(AIM OF THE EXERCISE) Copy every entry word for word, but skip the pictures.

(Items from a data source)
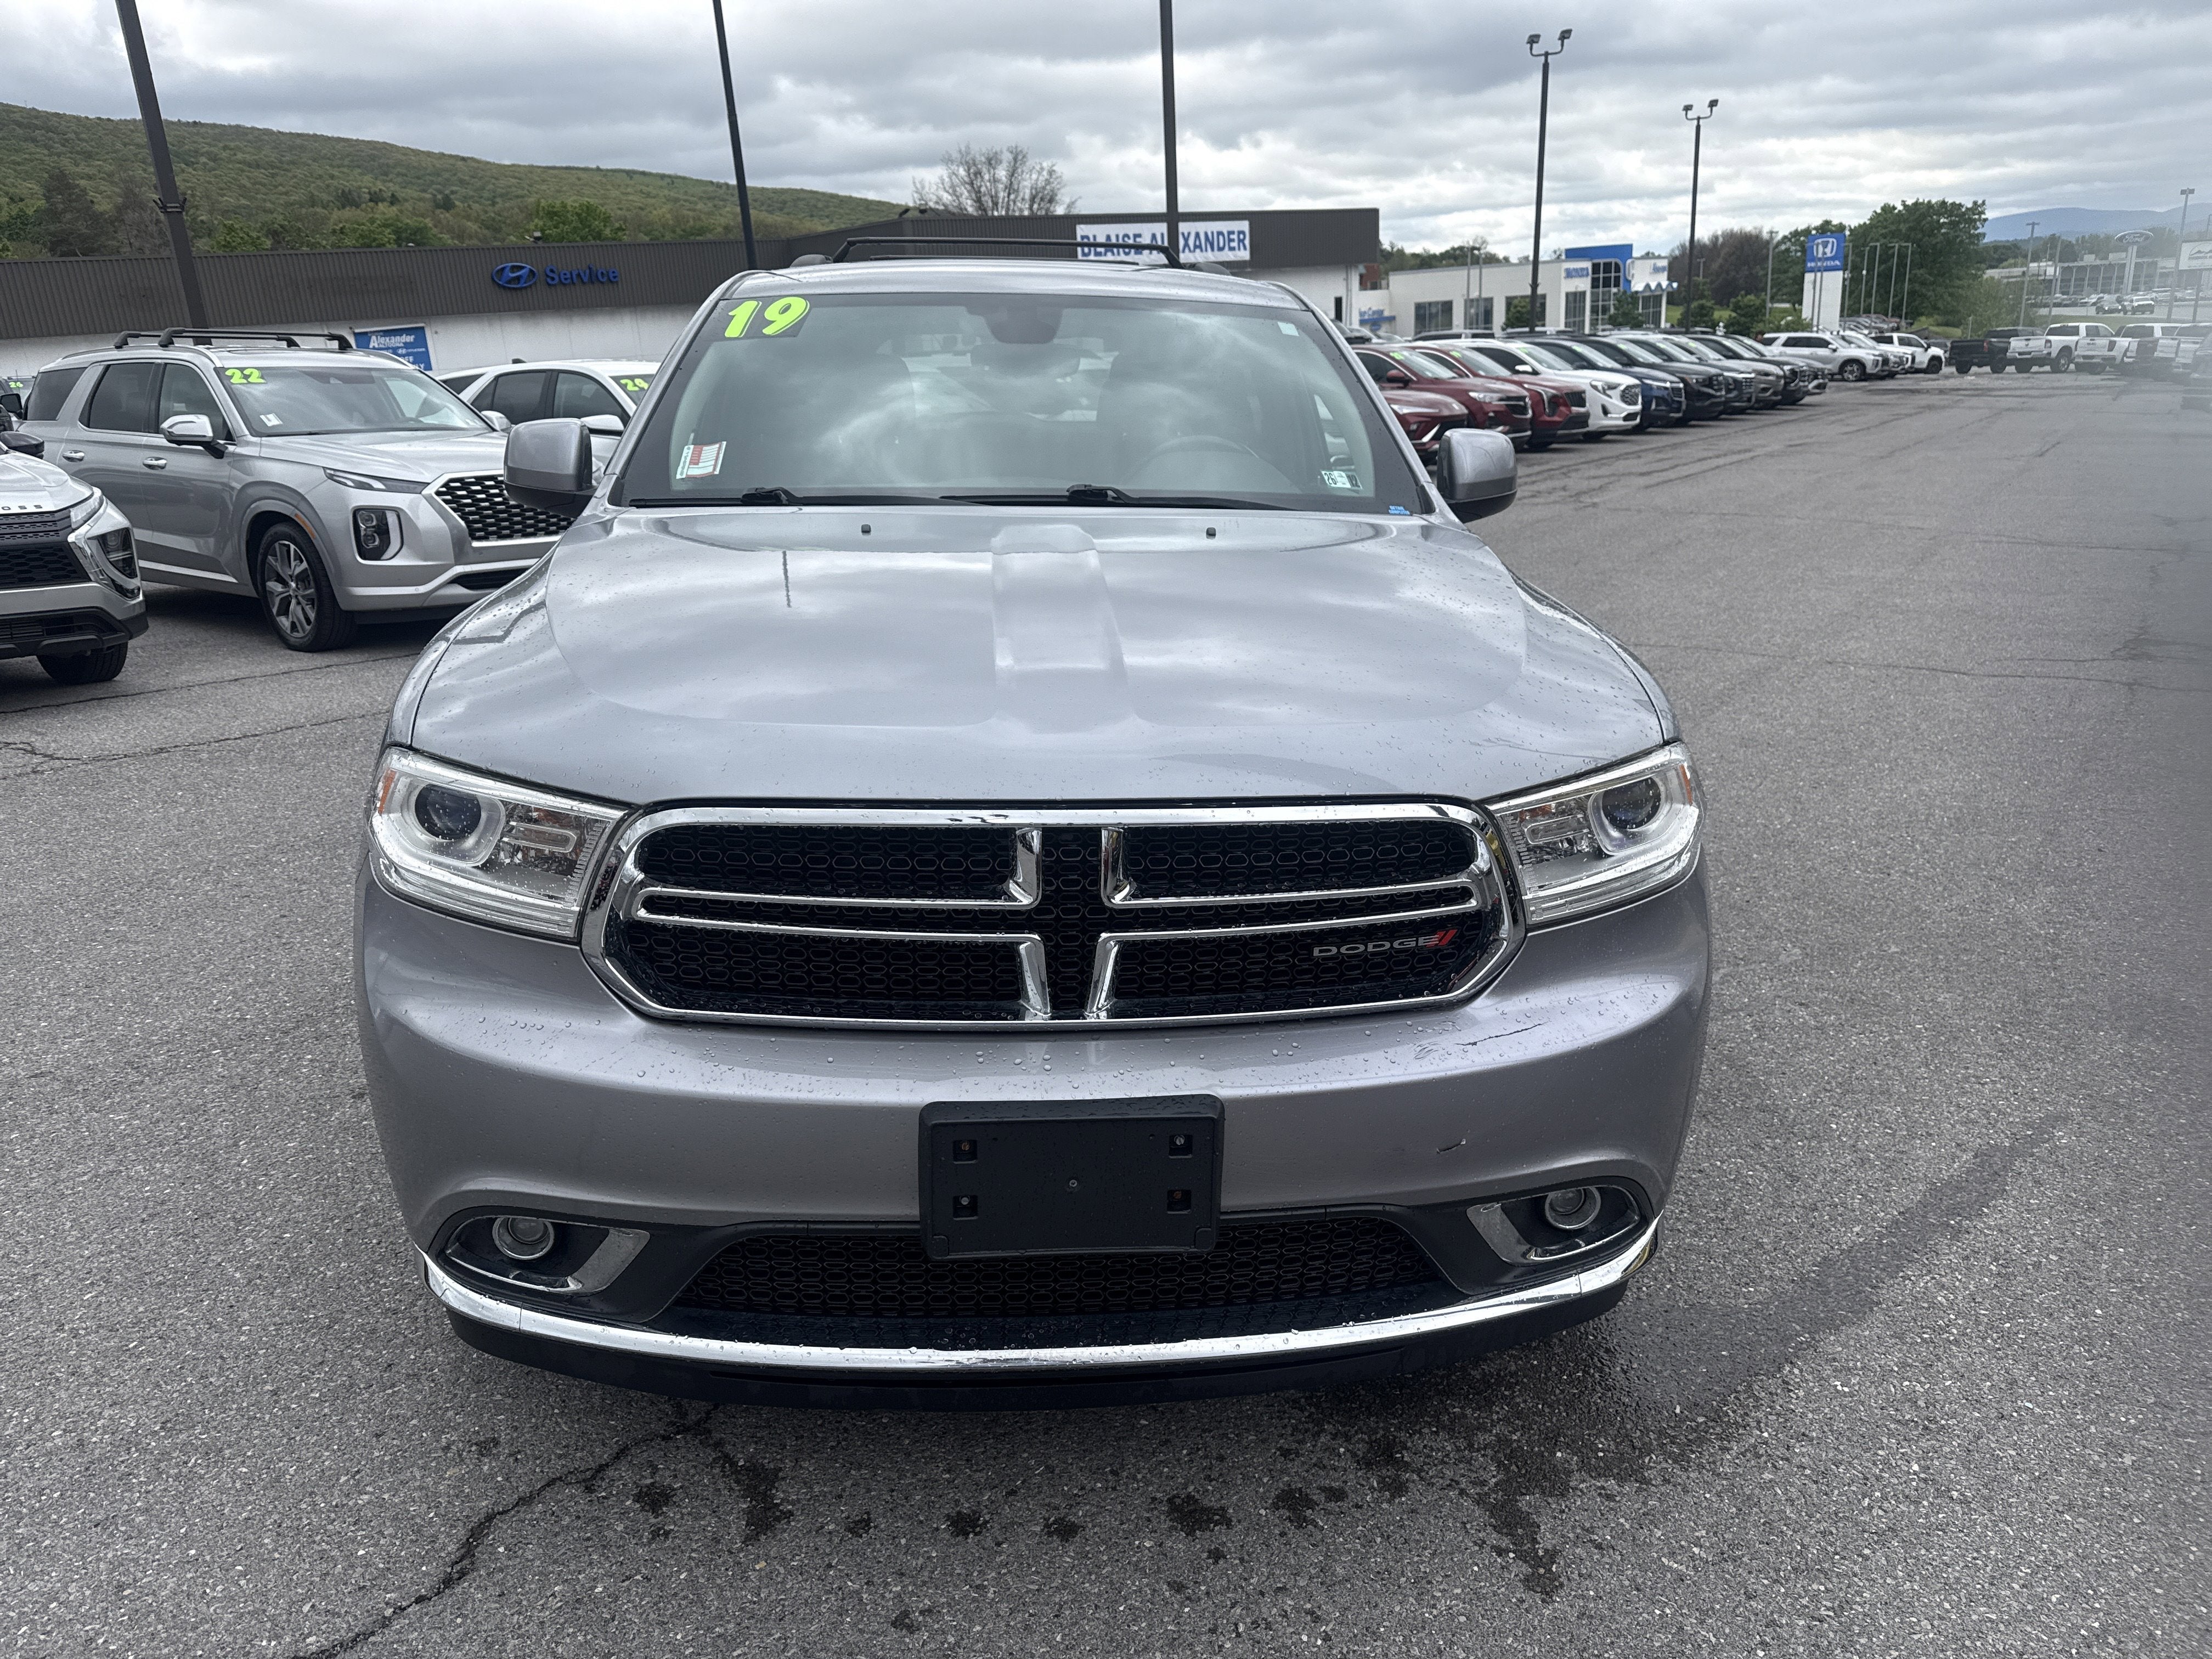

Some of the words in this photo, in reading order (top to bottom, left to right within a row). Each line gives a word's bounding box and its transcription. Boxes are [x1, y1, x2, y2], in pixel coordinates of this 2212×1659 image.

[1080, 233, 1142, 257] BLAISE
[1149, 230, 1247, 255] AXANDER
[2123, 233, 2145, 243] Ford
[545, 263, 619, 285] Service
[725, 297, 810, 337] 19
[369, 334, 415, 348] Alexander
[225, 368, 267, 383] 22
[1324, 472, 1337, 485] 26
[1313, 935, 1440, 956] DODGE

(OUTPUT FOR THIS EXERCISE)
Some of the words in this photo, in reading order (top to bottom, left to right within a row). Each line gives a word's bounding box and its transcription. Boxes are [x1, y1, x2, y2], in pixel coordinates of this 2212×1659 image.

[1080, 233, 1142, 257] BLAISE
[1149, 230, 1247, 255] AXANDER
[2123, 233, 2145, 243] Ford
[545, 263, 619, 285] Service
[725, 297, 810, 337] 19
[369, 334, 415, 348] Alexander
[225, 368, 267, 383] 22
[1324, 472, 1337, 485] 26
[1313, 935, 1440, 956] DODGE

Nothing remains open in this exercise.